A un certo punto, il colonnello Orsini, vedendo i poveri contadini, molto distanti dagli ideali risorgimentali ma coinvolti attivamente in quelle vicende, riflette così con palese smarrimento: «Quei segni di greve miseria lo colpivano. Non aveva mai visto questa faccia dolente e squallida della sua terra. E più lo colpiva che in queste condizioni di vita non diverse da quelle della capra, dell’asino, la gente conservasse intatti ed alti i sentimenti umani: la pietà, la gentilezza, il coraggio.
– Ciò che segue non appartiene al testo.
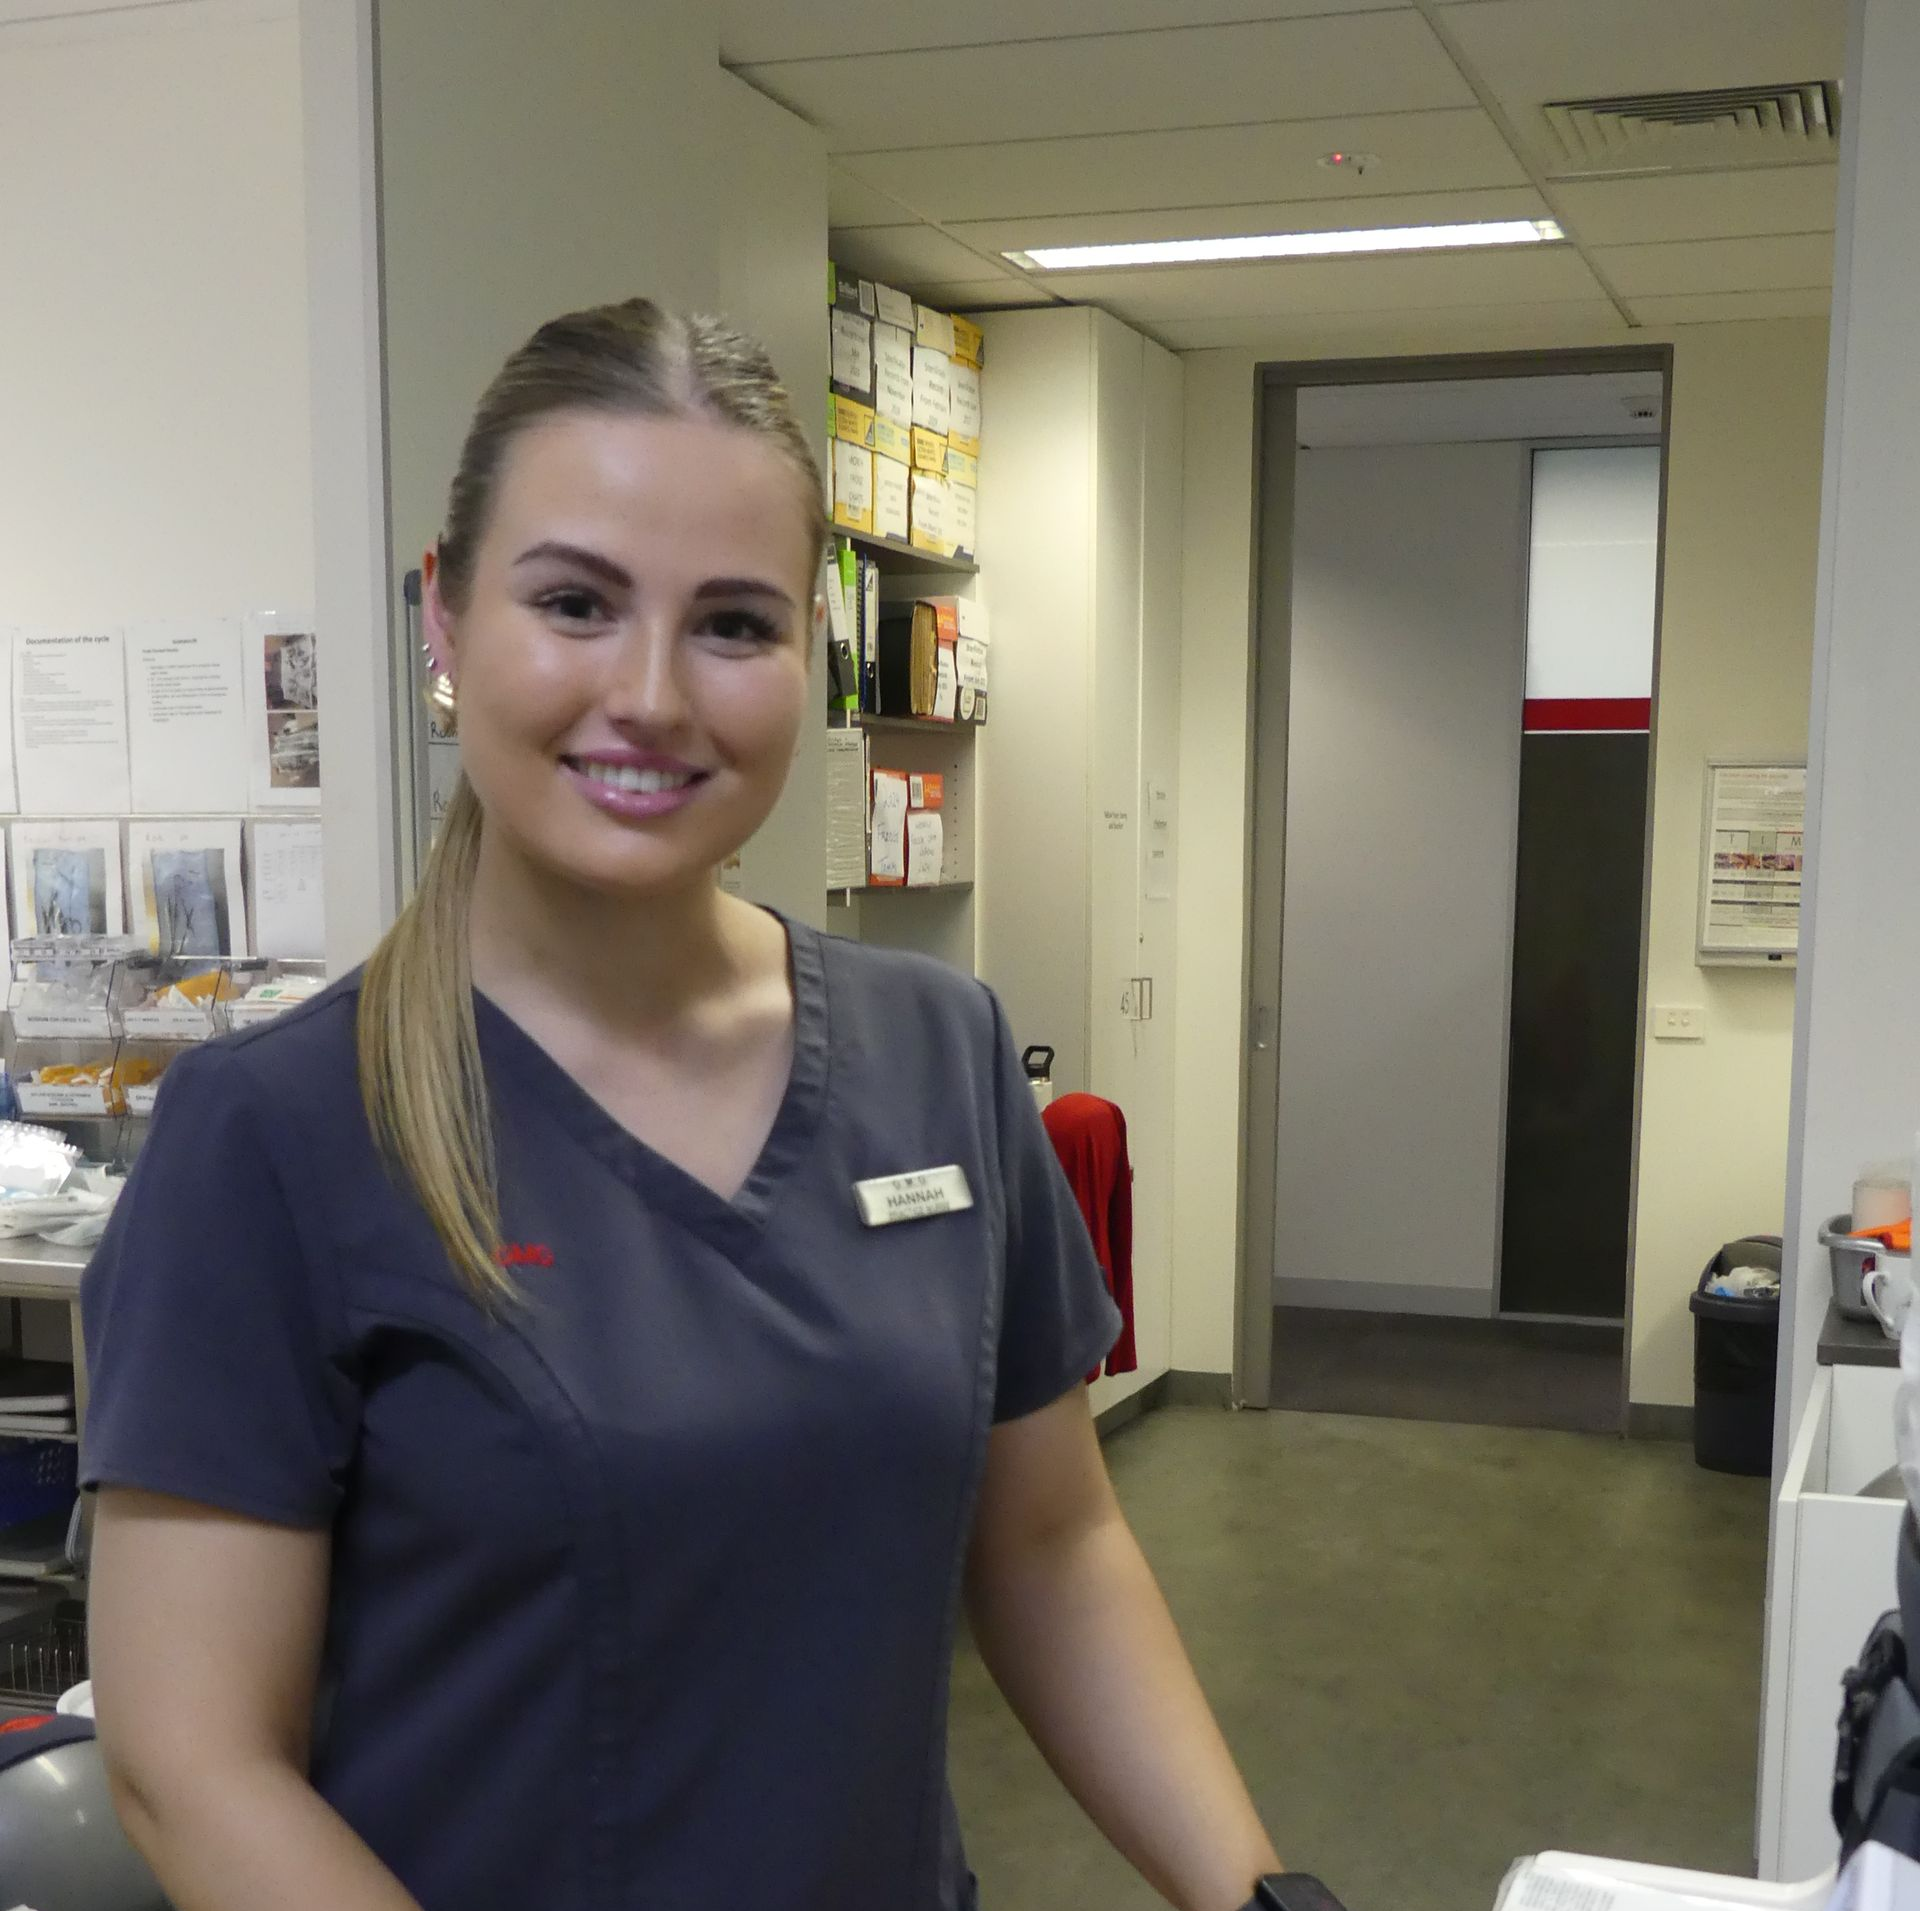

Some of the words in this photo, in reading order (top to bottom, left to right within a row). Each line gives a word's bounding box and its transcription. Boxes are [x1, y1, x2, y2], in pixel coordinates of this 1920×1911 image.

[26, 636, 73, 645] Documentation
[75, 635, 81, 644] of
[83, 635, 92, 643] the
[94, 635, 110, 645] cycle
[1791, 836, 1801, 846] M
[886, 1187, 945, 1207] HANNAH
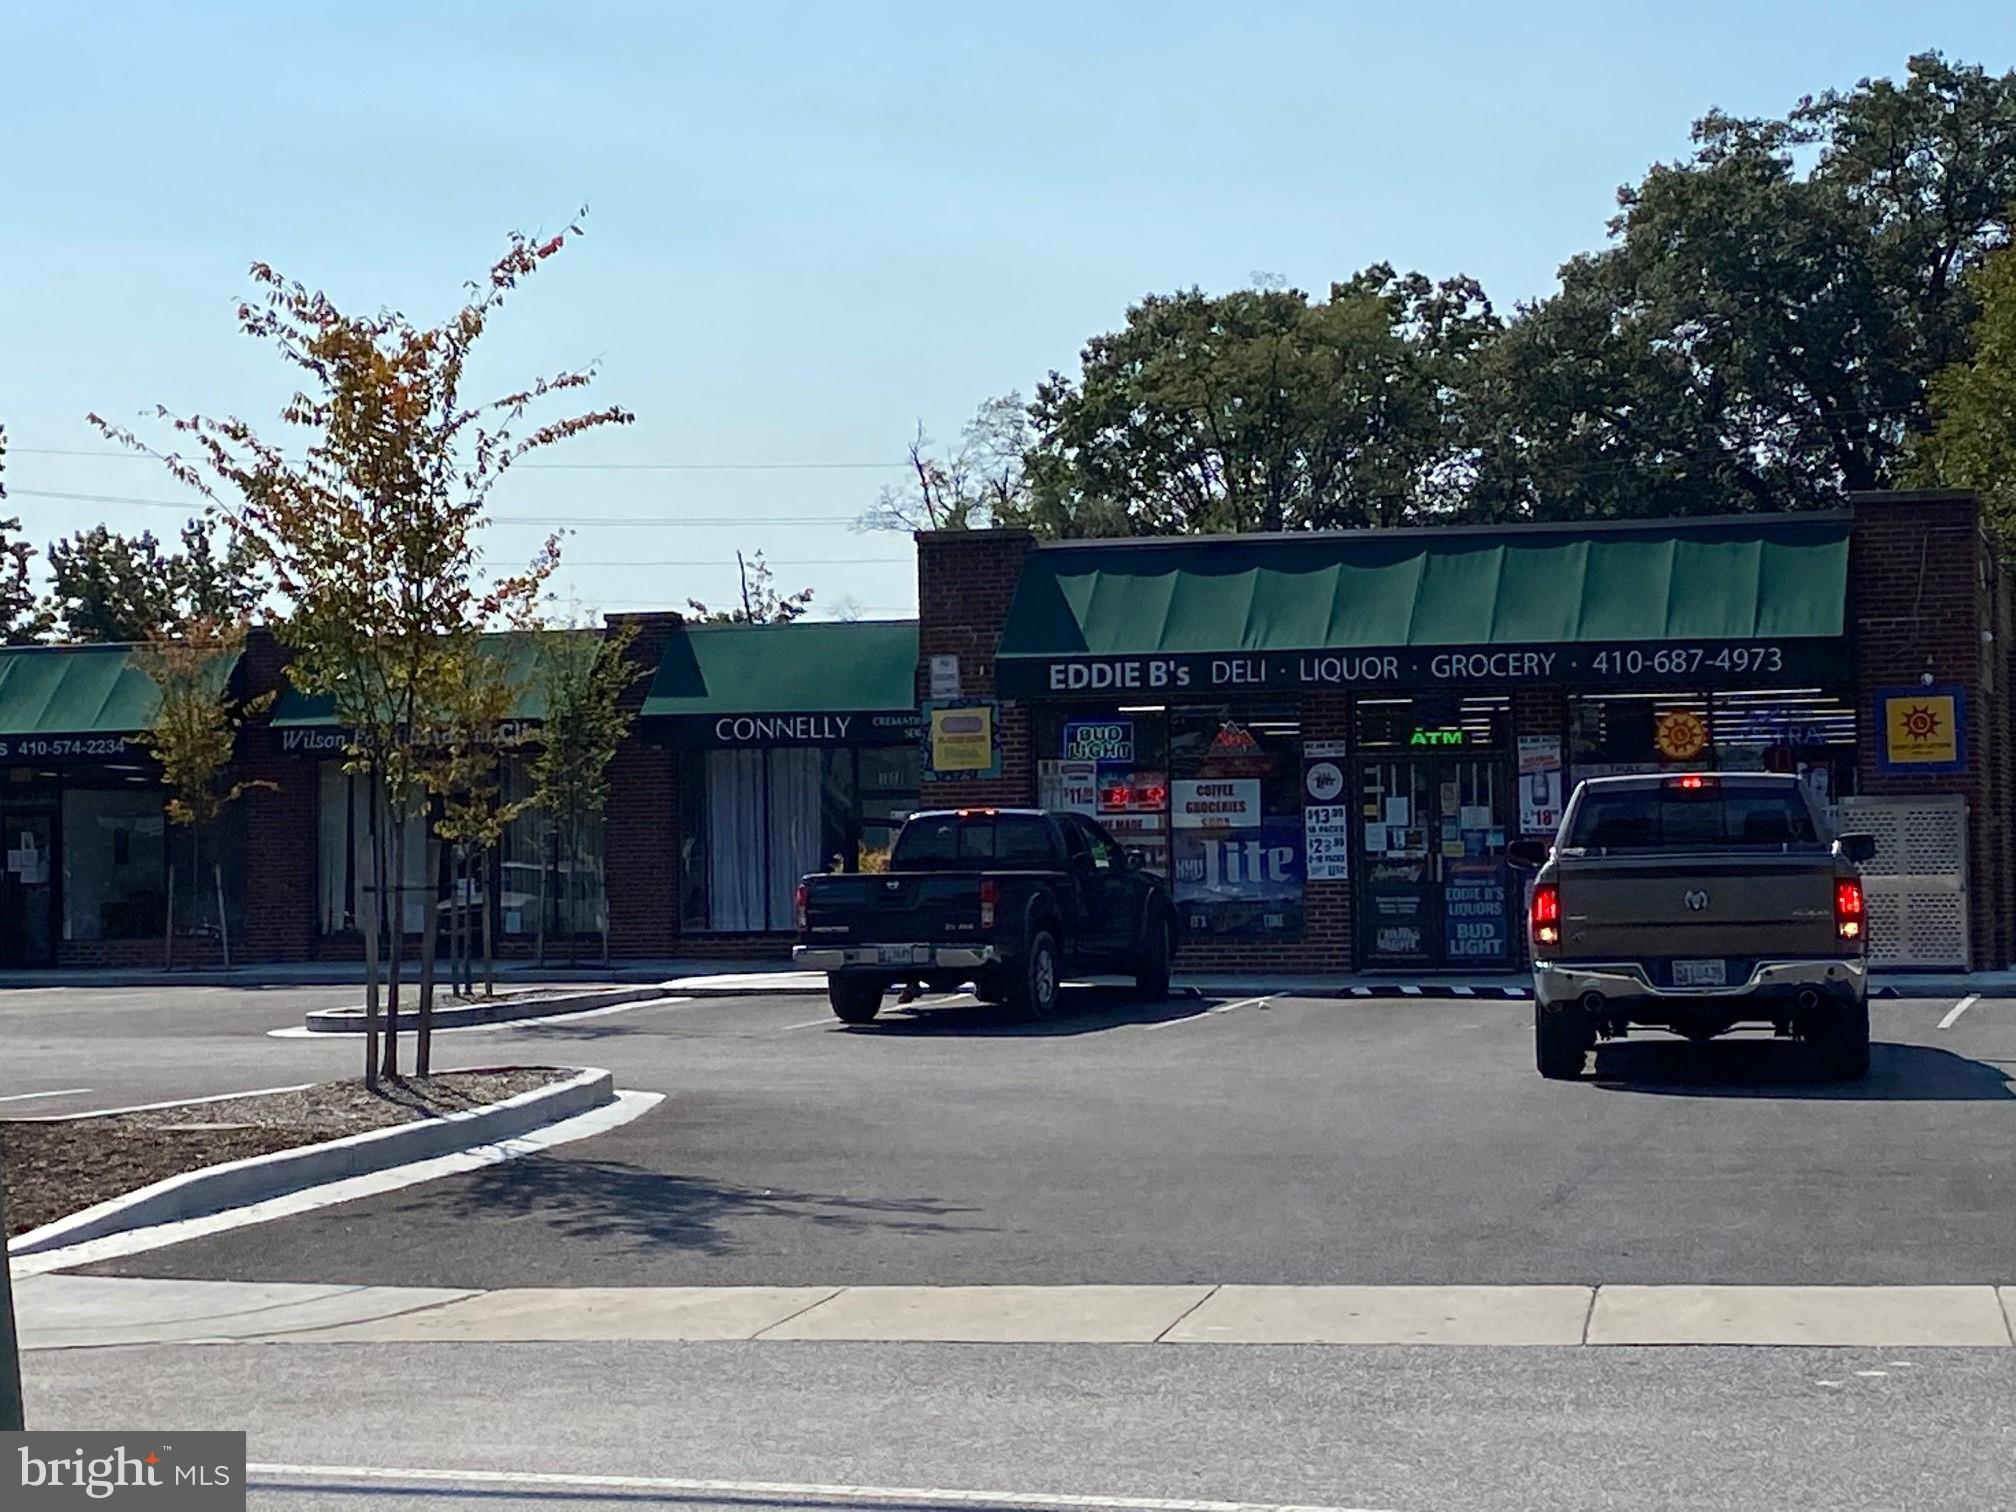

E si chiese se davvero avevano il diritto di portare a gente simile nuove sofferenze, la violenza della guerra, il rischio della devastazione e del saccheggio, e in nome di che cosa. “In nome della libertà di scrivere dei libri, di pubblicare dei giornali, di eleggere dei rappresentanti?… E la libertà di non avere fame, di abitare in luoghi più umani, di vestire dignitosamente?”» (p. 87).
Un ruolo importante ha poi nel racconto l’espediente ingegnoso con cui l’arciprete Ciaccio dissuade il comandante borbonico dalla rappresaglia.
Un racconto da rileggere assolutamente, nel momento in cui un film di sicuro interesse storico ripropone una vicenda che forse molti avevano dimenticato.
E, al tempo stesso, penso, uno spunto per fare una visita alla bellissima Sambuca, già Borgo dei Borghi 2016, uno dei paesi più ricchi di storia, cultura e bellezze naturali nella nostra Sicilia.